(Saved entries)
▬▬▬▬▬▬▬▬▬▬

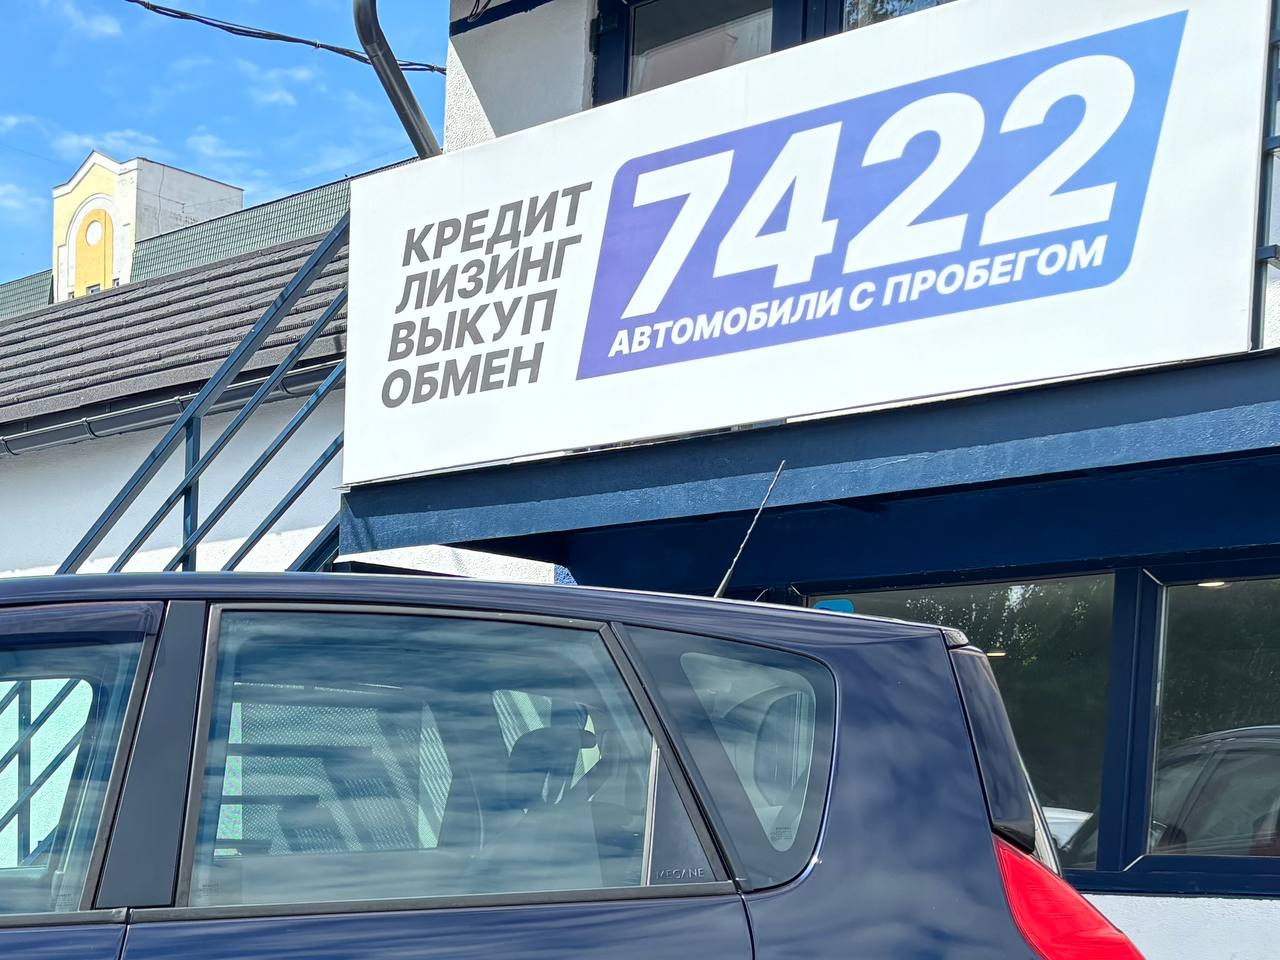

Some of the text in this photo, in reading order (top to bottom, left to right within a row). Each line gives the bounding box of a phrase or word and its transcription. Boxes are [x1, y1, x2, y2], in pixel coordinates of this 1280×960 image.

[402, 181, 593, 267] КРЕДИТ
[620, 54, 1136, 321] 7422
[395, 234, 582, 314] ЛИЗИНГ
[607, 234, 1109, 358] АВТОМОБИЛИ С ПРОБЕГОМ
[388, 288, 558, 362] ВЫКУП
[381, 341, 545, 409] ОБМЕН
[656, 867, 705, 880] MEGANE

▬▬▬▬▬▬▬▬▬▬

■ What the task asks
Write out all the records again, exactly, minus any pictures.

■ The completed task
Some of the text in this photo, in reading order (top to bottom, left to right within a row). Each line gives the bounding box of a phrase or word and its transcription. Boxes are [x1, y1, x2, y2], in pixel coordinates of this 1280×960 image.

[402, 181, 593, 267] КРЕДИТ
[620, 54, 1136, 321] 7422
[395, 234, 582, 314] ЛИЗИНГ
[607, 234, 1109, 358] АВТОМОБИЛИ С ПРОБЕГОМ
[388, 288, 558, 362] ВЫКУП
[381, 341, 545, 409] ОБМЕН
[656, 867, 705, 880] MEGANE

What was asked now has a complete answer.